(Free-text object descriptions)
┌────────

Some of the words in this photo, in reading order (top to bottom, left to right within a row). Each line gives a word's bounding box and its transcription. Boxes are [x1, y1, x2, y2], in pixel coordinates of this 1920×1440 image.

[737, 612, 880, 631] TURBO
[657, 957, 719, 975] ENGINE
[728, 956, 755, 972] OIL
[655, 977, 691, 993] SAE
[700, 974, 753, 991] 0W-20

└────────

» ABOUT THIS EXERCISE:
The records above should be set down again word for word.

» TASK SOLUTION:
Some of the words in this photo, in reading order (top to bottom, left to right within a row). Each line gives a word's bounding box and its transcription. Boxes are [x1, y1, x2, y2], in pixel coordinates of this 1920×1440 image.

[737, 612, 880, 631] TURBO
[657, 957, 719, 975] ENGINE
[728, 956, 755, 972] OIL
[655, 977, 691, 993] SAE
[700, 974, 753, 991] 0W-20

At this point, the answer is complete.